The Financial Conduct Authority (FCA) has revealed the tactics that investment fraudsters use to deceive the over 55s.

Common tactics used by fraudsters include:

  • Offering lucrative returns above the market rate and downplaying the risks of the investment

  • Using flattery to make potential victims feel good, such as praising them for being a knowledgeable investor

  • Saying that the deal is only available to the target and asking them to keep it a secret

  • Saying that other clients have invested or want in on the deal (known as ‘social proof’)
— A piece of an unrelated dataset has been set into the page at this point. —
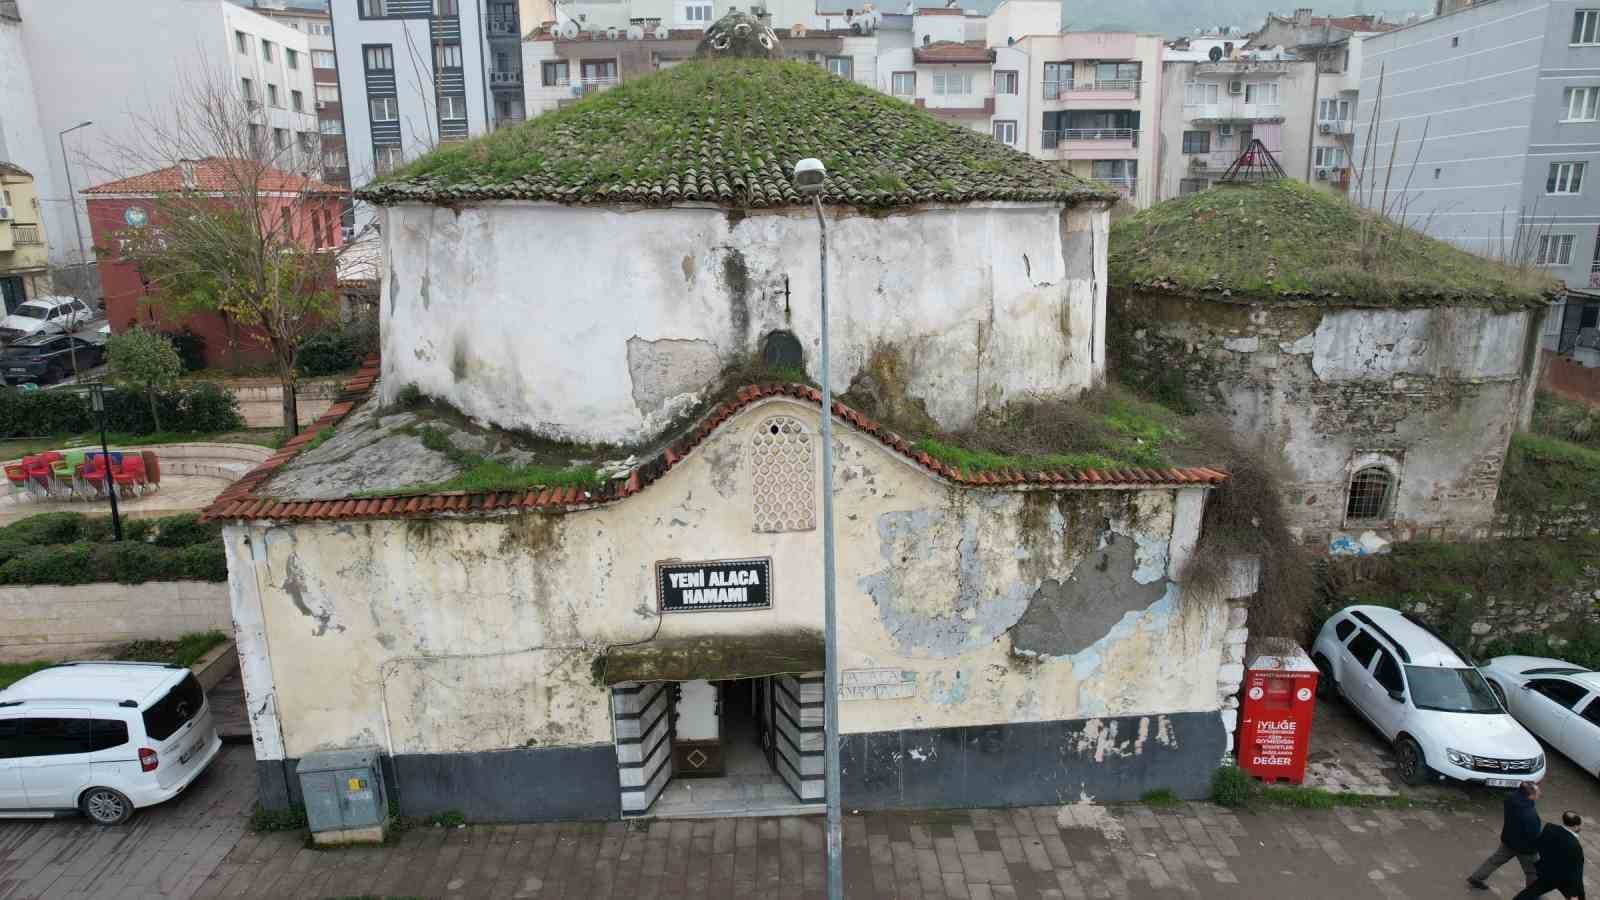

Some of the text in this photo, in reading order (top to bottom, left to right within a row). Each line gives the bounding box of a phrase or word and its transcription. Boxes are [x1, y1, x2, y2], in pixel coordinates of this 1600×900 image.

[669, 569, 760, 588] YENİ ALACA
[683, 587, 748, 604] HAMAMI
[1253, 755, 1292, 766] DEĞER
  • Putting them under pressure to invest in a time-limited offer.

 

The FCA is urging over 55s to check investment opportunities are genuine before they part with their money. This comes as new research, commissioned as part of the FCA’s ScamSmart campaign, reveals that only two in five (42%) think they know how to spot a fraudulent investment opportunity. Fraudsters are targeting the growing over 55 population because they are more likely to have money to invest.

 

Last year, victims of investment fraud lost on average £32,000 as fraudsters employed increasingly advanced psychological tactics to persuade victims to invest. One of the most common methods used by fraudsters is to pressurise potential investors to make a quick decision on a time-limited investment offer. This new research found that more than half (53%) of the over 55s surveyed believed acting quickly can be key to getting a good deal, demonstrating how many could be vulnerable to this tactic.
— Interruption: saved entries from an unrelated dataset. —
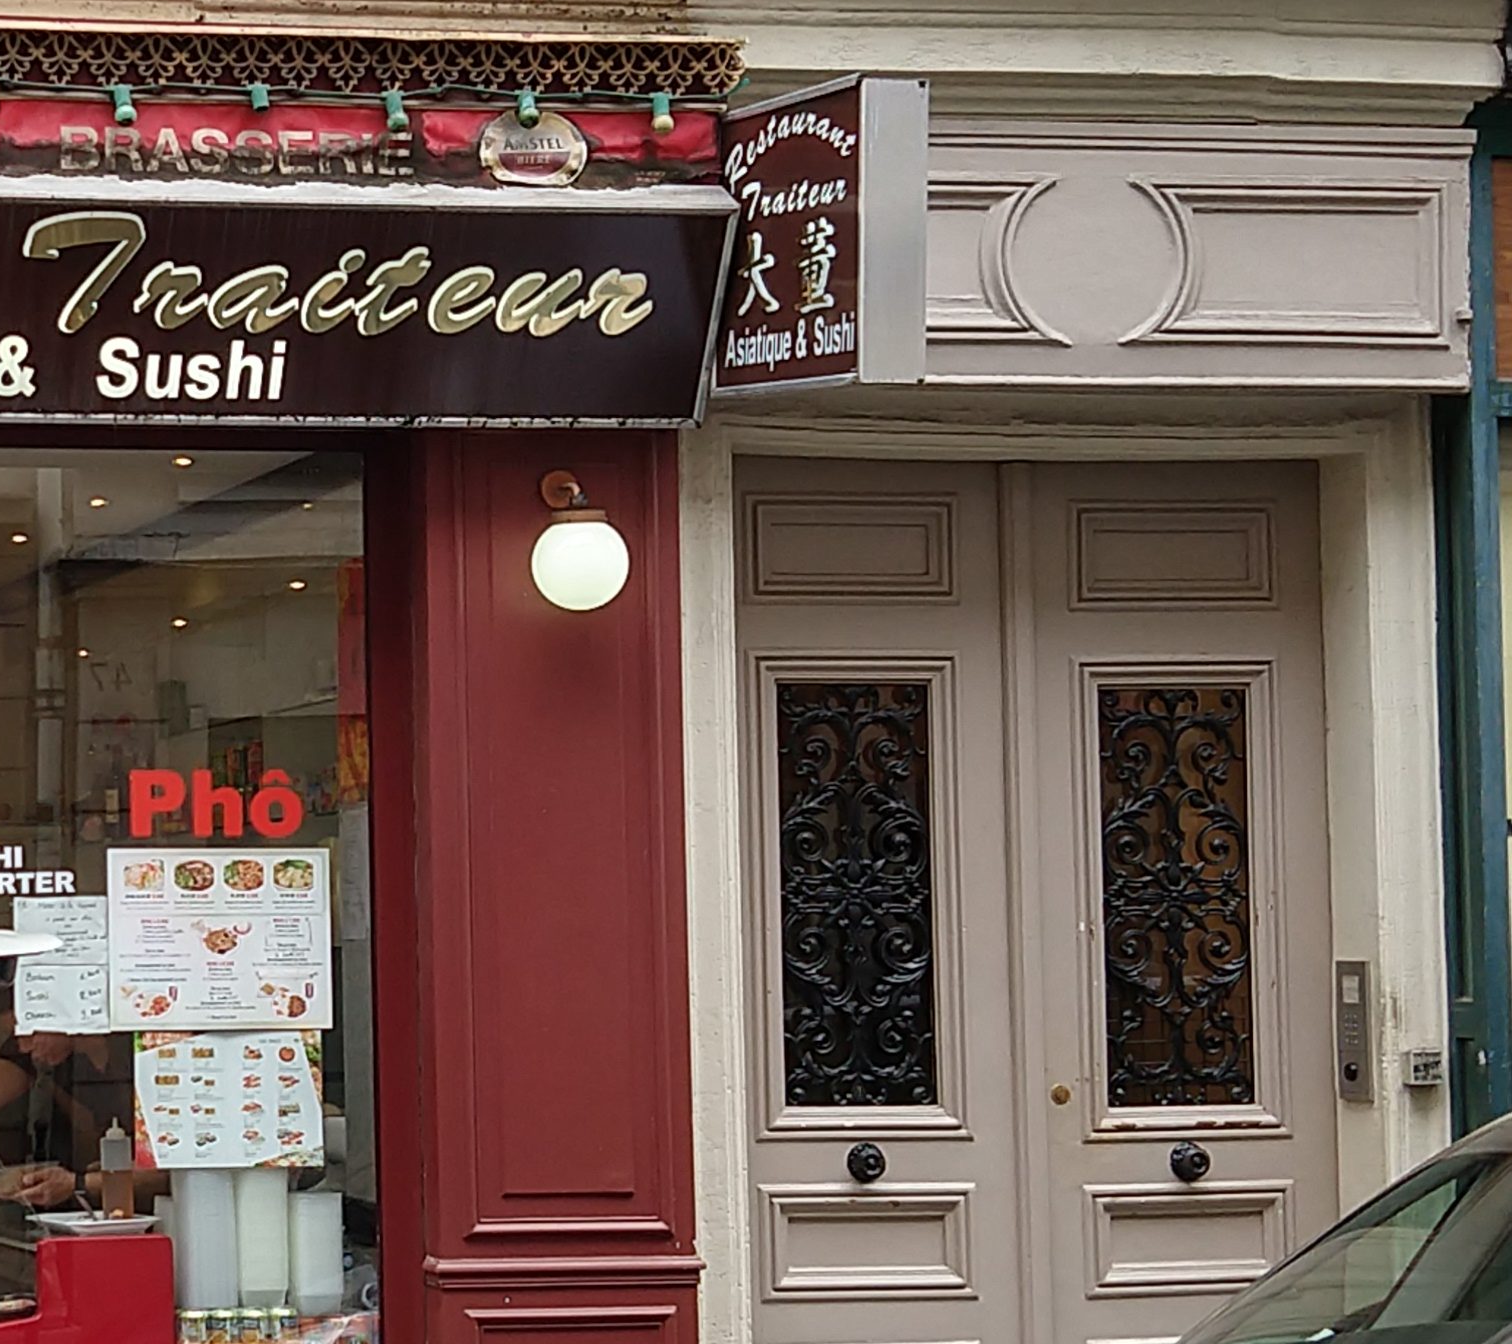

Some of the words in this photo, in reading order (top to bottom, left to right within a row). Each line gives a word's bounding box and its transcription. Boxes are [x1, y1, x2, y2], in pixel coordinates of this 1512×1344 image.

[59, 125, 413, 177] BRASSERIE
[504, 137, 563, 151] AMSTEL
[724, 111, 857, 196] Restaurant
[741, 178, 848, 222] Traiteur
[22, 210, 655, 338] Traiteur
[95, 336, 287, 401] Sushi
[724, 323, 791, 372] Asiatique
[796, 318, 808, 359] &
[813, 311, 856, 356] Sushi
[129, 768, 304, 839] Phô
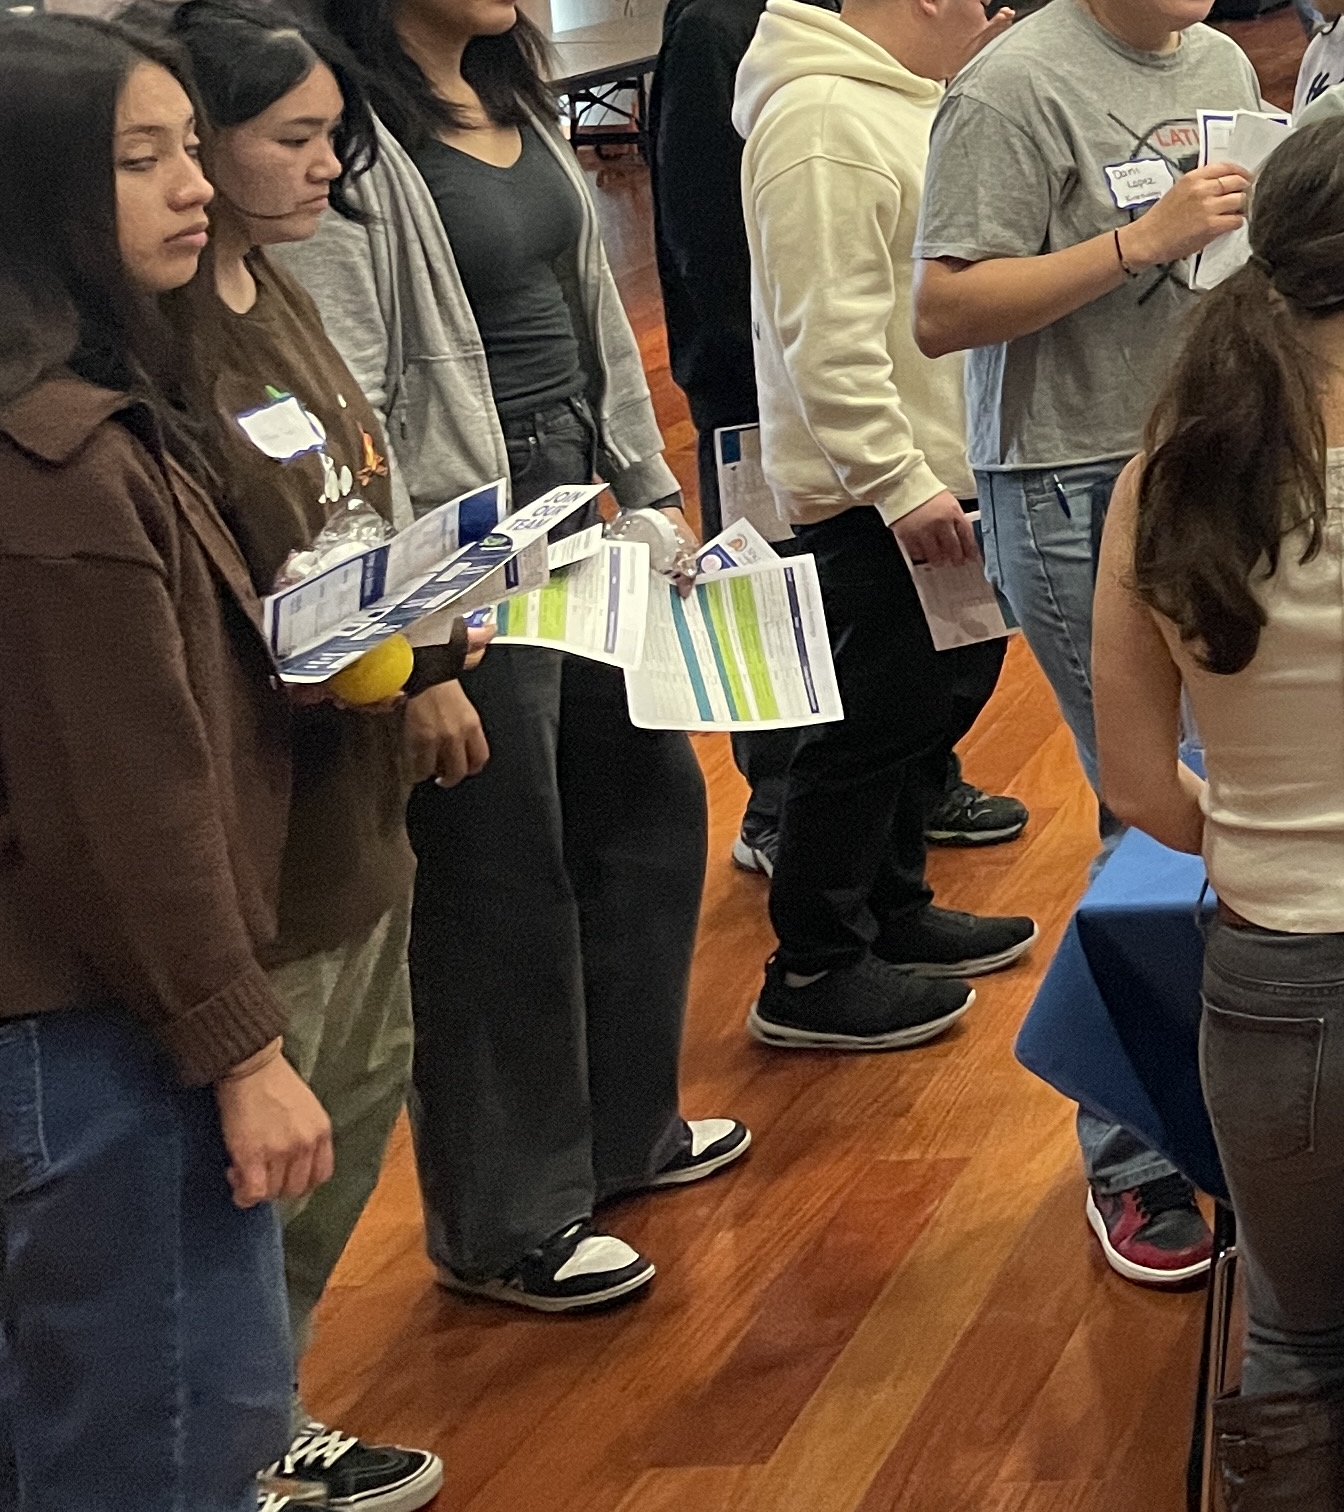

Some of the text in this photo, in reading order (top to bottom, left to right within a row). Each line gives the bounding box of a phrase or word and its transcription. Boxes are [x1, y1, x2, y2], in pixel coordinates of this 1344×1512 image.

[543, 491, 587, 504] JOIN
[531, 505, 569, 517] OUR
[506, 518, 553, 531] TEAM
A third (34%) said it is best not to discuss investment decisions with others and fewer than half (48%) said they would be likely to seek impartial advice before making an investment. These attitudes are seized on by fraudsters, who often urge their target to keep the offer a secret, in order to prevent others from dissuading them from investing.

45% of over 55s surveyed agreed that investment opportunities are more attractive if you know of others who have made similar investments. Fraudsters may exploit this by saying that others want in on the deal or have already benefitted.

Interestingly, those surveyed were more aware of certain signs of investment fraud, but less aware of others. For example, 92% agreed being contacted out of the blue could be a warning sign, but 19% were unaware that being promised returns above the market rate could also be a tactic.

 

The FCA is urging consumers to be sceptical and cautious before they invest their money. If someone invests their money with an unauthorised firm then they will have no protection from the Financial Ombudsman Service or Financial Services Compensation Scheme if things go wrong.

To avoid being a victim of investment fraud, the FCA advises consumers to, at the very least:

  1. Reject unsolicited contact about investments

  2. Before investing, check the Financial Services Register to see if the firm or individual you are dealing with is authorised and check the FCA Warning List of firms to avoid

  3. Get impartial advice before investing.